Ding dong, Google+ is dead. However, before we pay our last respects, I suggest we glance back at Silicon Valley’s other notable failures. Womp womp.



It was intended as the big competitor to Facebook, but it wasn’t meant to be, with Google+ shutting down seven years after it launched in 2011. There are a number of reasons Google+ just didn’t work; first of all it was not a user-friendly experience, with a forced sign up for Google accounts, and it did little more than allow users to share pictures, videos, thoughts and apps – like a poor man’s Facebook. The other issue was hardly anyone was using it – even Dorie Clark wrote an article for Forbes about the benefits of using Google+ “even though no one else is”.
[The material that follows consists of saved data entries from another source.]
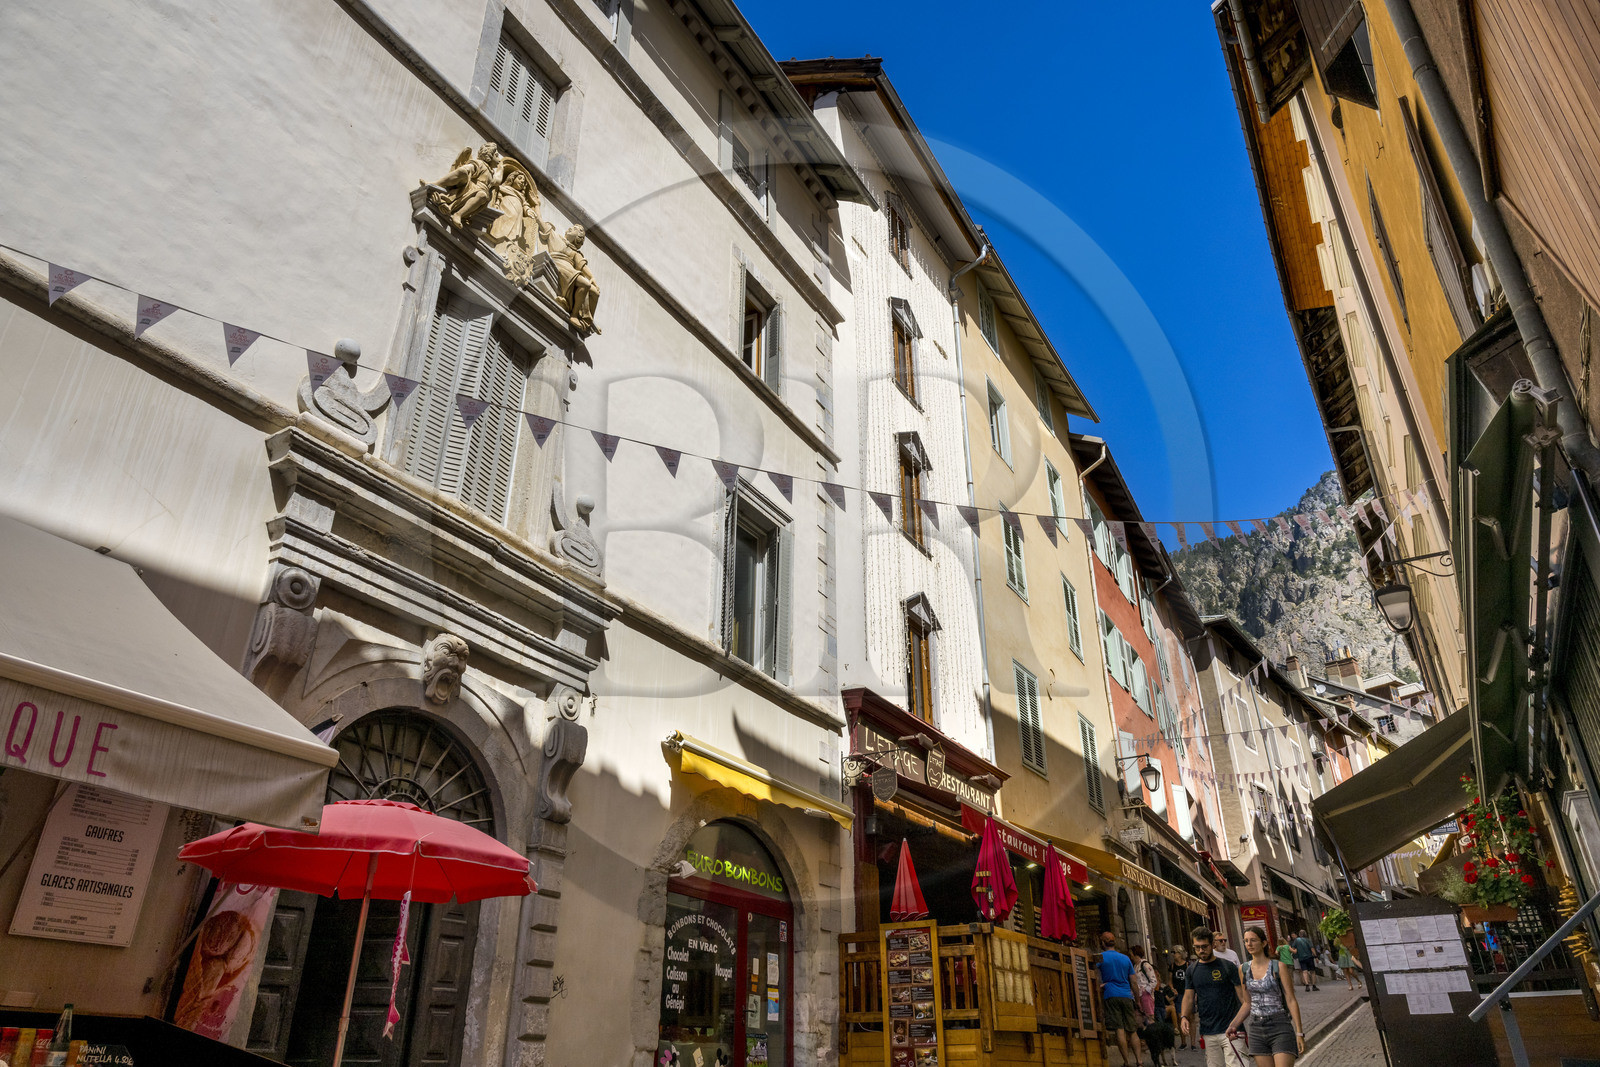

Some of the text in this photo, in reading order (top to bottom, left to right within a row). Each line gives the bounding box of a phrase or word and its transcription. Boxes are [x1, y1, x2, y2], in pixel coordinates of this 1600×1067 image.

[5, 701, 118, 778] QUE
[941, 771, 991, 811] RESTAURANT
[85, 824, 125, 843] GAUFRES
[41, 873, 135, 899] GLACES ARTISANALES
[667, 914, 737, 956] BONBONS ET CHOCOLATS
[667, 945, 690, 962] Chocolat
[688, 938, 718, 954] EN VRAC
[666, 965, 688, 982] Calisson
[715, 963, 733, 982] Nougat
[665, 994, 685, 1014] Génépi
[77, 1054, 112, 1065] NUTELLA
That is the key part of all of this: no one used it. Forced to sign up, sure, but actually using the platform? Not so much. In fact Google+ sessions lasted less than five seconds, 90% of the time. Not a great result considering the access to market Google has. Additionally, recent security breaches have occurred, with Google dealing with the bug internally causing greater criticism and legal ramifications as well as an amendment of their privacy policies. This closure also comes after the announcement that Google would be shutting down their Inbox app, in March 2019.
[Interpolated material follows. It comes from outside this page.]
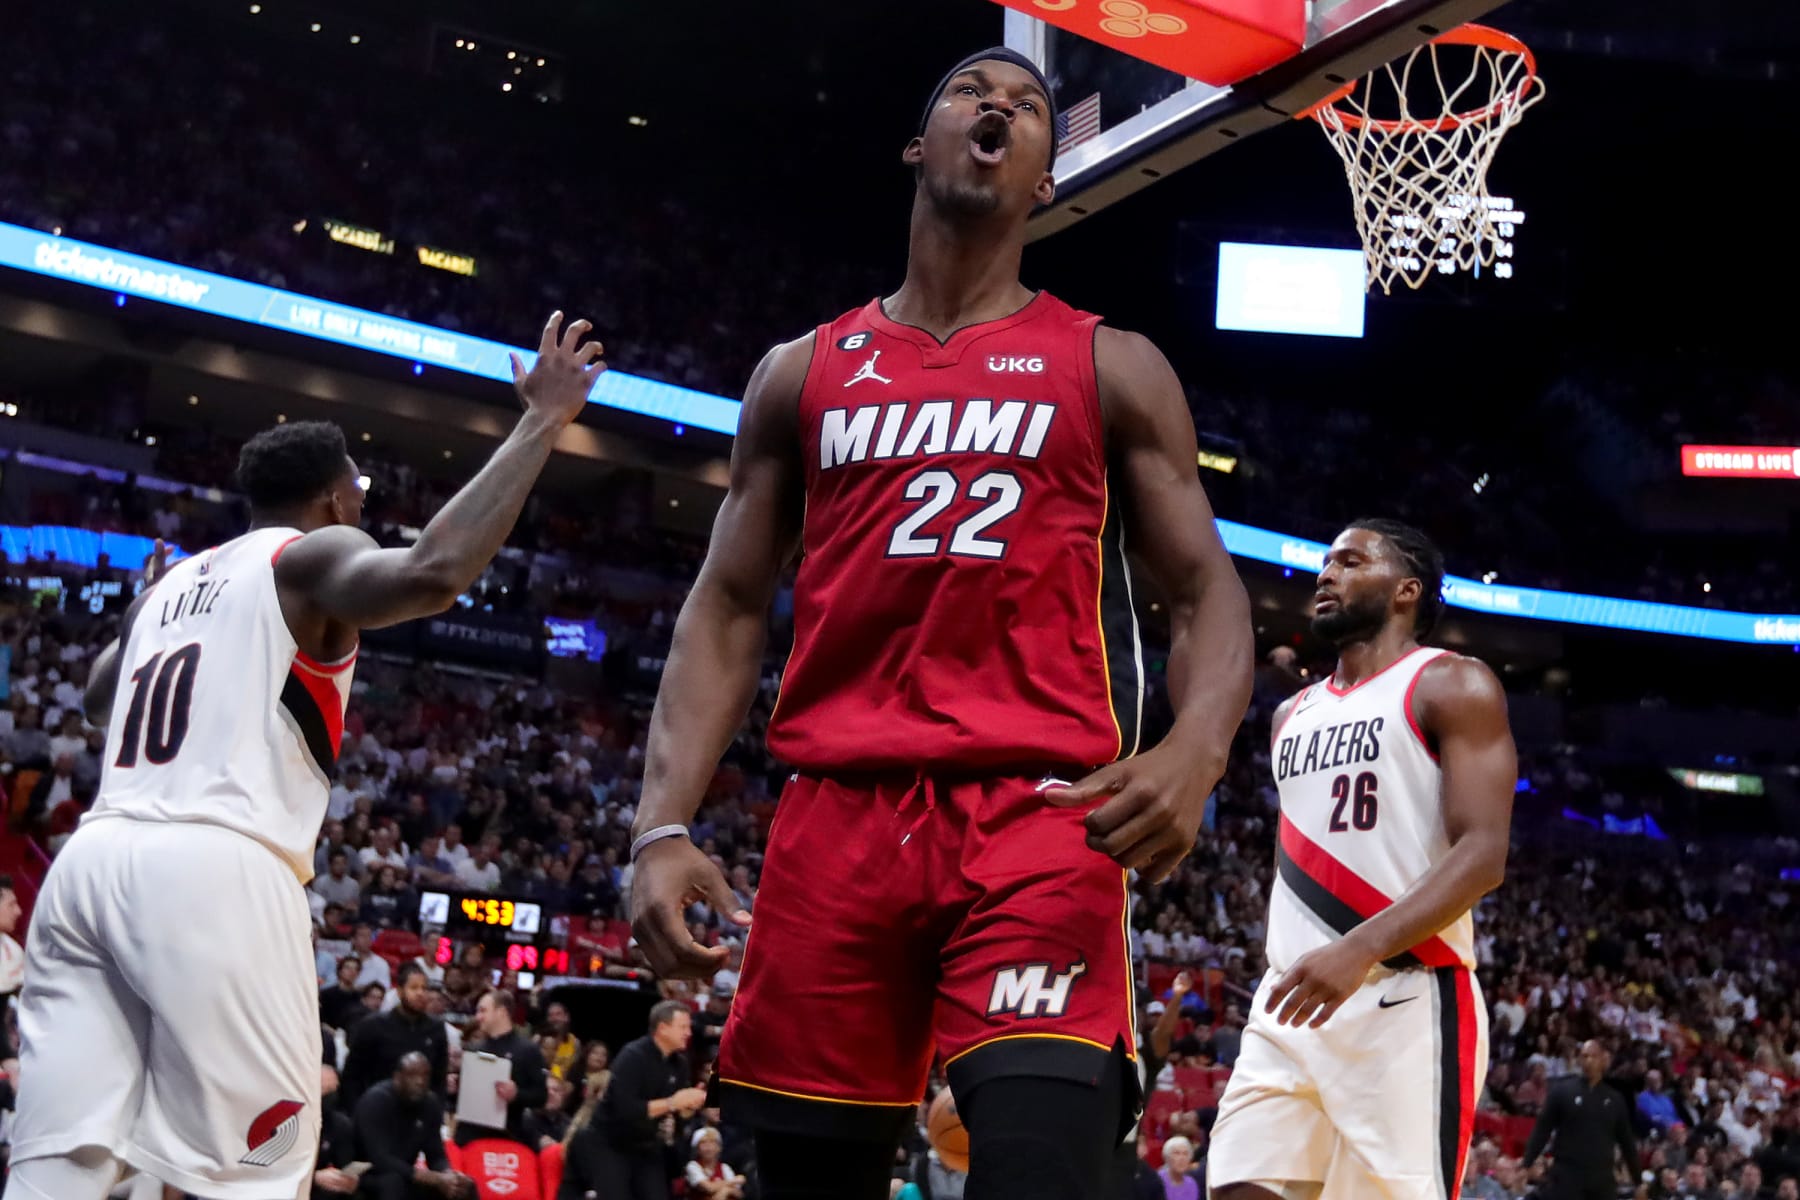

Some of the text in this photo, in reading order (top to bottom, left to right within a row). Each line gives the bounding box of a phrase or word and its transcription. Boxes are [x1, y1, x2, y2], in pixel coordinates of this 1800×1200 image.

But we shouldn’t mock Google, these companies are trying to change their industries and that requires a lot of testing, trials and at times acceptance of failure.

Google+ was a poor man’s Facebook. Even Dorie Clark wrote an article for Forbes about the benefits of using Google+ “even though no one else is”.

Remember when you used to be able to quickly jump on Facebook to find out the latest news, only to have that shut down in June this year, citing less than 1.5% of clicks to news publishers? The idea was that users could be exposed quickly to trending news items, but Facebook copped criticism around the news algorithm, as well as for relying on algorithms instead of human moderators. An anonymous former Facebook contractor also made claims that Facebook was eliminating conservative news from the trending news feature, inciting further criticism.

Facebook also shut down their Friend List Feeds this year, citing few used the feature, before migrating some of its ability to edit friends lists rather than having a specific feed for selected friends. They also rolled out greater flexibility around how you could customise your newsfeed, as well as hiding those you don’t want to see posts from.

Both Google and Facebook have faced significant criticisms lately around security breaches, transparency around data and involvement in political bias. Neither of these companies are likely to fall over any time soon, but the onus should be on users to stay abreast of new features, and actively ignore the ones we hate, as ultimately we can dictate, collectively, how best these companies serve us.